[Work instructions] Once you find the line containing "this 1280×1703 image.", output it and every line after it to the end of the records, exactly.

Stored data
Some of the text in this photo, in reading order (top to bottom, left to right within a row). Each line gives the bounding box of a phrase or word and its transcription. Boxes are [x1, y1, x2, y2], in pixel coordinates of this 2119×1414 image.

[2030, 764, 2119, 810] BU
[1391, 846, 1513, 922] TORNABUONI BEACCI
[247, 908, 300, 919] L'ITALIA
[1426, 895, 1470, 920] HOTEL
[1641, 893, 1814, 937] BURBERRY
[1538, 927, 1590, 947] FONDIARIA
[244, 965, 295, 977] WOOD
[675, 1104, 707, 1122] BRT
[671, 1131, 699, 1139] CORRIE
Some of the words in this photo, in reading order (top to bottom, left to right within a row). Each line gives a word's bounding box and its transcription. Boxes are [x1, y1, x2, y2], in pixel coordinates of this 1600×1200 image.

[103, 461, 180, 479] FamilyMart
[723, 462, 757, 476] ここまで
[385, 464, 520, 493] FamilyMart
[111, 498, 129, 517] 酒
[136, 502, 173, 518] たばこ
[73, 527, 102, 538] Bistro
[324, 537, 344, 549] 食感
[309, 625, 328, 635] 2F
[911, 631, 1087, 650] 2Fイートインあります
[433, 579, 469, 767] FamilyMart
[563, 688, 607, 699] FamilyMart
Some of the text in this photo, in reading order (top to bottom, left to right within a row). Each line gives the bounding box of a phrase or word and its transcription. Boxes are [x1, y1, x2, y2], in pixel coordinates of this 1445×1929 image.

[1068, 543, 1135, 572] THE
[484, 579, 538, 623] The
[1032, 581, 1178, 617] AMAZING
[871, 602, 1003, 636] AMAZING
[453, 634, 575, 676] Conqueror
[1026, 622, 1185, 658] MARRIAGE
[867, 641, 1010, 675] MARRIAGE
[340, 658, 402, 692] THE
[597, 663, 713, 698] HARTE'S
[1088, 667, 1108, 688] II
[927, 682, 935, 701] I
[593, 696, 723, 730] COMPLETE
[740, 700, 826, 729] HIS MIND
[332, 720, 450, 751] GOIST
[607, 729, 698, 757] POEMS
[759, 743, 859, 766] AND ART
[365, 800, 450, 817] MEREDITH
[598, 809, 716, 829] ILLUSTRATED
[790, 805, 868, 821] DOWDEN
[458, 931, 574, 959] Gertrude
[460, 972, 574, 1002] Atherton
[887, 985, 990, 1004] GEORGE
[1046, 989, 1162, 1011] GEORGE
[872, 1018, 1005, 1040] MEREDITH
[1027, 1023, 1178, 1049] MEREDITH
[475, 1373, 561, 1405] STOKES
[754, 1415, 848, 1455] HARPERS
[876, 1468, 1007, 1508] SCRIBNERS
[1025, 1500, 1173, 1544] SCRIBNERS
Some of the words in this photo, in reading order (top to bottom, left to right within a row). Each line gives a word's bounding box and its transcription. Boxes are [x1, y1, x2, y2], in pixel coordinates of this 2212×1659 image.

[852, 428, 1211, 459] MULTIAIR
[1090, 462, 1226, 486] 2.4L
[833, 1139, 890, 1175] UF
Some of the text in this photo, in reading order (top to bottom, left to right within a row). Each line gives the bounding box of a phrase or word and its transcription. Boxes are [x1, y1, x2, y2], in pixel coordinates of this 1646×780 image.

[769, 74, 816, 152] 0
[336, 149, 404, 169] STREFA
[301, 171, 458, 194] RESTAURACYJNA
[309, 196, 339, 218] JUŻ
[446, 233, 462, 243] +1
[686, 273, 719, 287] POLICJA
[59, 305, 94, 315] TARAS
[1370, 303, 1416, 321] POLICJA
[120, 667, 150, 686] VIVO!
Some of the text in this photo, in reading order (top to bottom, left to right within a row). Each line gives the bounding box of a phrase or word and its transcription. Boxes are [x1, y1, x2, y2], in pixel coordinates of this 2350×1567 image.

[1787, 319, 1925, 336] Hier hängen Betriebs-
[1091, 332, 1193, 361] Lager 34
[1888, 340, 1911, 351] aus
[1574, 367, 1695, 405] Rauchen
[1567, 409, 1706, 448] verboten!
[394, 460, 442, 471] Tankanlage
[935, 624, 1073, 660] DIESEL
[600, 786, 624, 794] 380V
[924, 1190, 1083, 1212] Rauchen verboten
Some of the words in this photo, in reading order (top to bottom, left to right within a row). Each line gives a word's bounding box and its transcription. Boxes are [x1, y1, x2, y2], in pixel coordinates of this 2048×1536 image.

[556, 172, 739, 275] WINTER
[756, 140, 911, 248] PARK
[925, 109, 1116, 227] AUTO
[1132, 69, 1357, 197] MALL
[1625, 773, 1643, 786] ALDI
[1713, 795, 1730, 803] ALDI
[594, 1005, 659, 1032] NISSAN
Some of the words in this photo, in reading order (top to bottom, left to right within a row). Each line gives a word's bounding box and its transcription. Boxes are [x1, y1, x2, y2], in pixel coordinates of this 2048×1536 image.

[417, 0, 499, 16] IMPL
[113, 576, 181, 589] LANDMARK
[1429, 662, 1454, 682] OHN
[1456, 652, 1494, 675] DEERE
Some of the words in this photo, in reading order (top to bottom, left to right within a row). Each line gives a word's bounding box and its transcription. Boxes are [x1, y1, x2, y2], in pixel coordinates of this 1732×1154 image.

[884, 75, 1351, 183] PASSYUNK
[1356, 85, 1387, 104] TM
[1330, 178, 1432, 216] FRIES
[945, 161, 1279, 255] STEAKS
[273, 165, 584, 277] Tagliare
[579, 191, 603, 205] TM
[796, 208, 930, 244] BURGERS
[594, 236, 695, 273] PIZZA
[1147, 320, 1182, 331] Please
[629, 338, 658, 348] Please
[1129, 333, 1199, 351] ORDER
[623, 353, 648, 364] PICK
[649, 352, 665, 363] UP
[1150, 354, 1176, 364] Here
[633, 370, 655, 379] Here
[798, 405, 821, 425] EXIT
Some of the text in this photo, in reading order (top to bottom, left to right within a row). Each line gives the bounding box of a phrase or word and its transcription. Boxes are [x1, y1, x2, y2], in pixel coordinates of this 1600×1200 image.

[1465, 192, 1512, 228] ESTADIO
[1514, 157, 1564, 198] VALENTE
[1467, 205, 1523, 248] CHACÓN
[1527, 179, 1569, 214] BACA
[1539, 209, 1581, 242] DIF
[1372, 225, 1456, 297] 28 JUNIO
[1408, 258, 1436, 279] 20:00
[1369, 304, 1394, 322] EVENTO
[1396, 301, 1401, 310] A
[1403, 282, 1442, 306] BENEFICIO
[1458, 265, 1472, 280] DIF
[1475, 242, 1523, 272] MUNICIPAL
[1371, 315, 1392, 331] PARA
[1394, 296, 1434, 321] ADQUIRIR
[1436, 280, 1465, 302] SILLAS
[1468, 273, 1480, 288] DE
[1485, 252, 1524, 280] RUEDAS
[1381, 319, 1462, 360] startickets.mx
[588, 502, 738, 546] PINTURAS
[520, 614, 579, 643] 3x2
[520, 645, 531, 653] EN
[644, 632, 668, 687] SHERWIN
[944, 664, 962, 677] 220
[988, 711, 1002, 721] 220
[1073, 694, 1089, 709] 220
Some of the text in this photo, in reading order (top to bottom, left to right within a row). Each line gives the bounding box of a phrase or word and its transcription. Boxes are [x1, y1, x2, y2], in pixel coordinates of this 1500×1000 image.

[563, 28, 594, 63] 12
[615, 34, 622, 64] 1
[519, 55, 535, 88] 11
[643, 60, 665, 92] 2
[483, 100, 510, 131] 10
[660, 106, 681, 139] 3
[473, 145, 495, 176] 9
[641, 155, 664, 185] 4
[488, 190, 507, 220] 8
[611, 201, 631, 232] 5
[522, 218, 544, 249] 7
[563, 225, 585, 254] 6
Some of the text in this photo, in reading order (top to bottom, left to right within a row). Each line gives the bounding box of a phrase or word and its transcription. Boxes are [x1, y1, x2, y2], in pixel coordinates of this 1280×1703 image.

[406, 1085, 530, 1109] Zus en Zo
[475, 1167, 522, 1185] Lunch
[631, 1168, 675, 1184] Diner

[Task result]
Some of the text in this photo, in reading order (top to bottom, left to right within a row). Each line gives the bounding box of a phrase or word and its transcription. Boxes are [x1, y1, x2, y2], in pixel coordinates of this 1280×1703 image.

[406, 1085, 530, 1109] Zus en Zo
[475, 1167, 522, 1185] Lunch
[631, 1168, 675, 1184] Diner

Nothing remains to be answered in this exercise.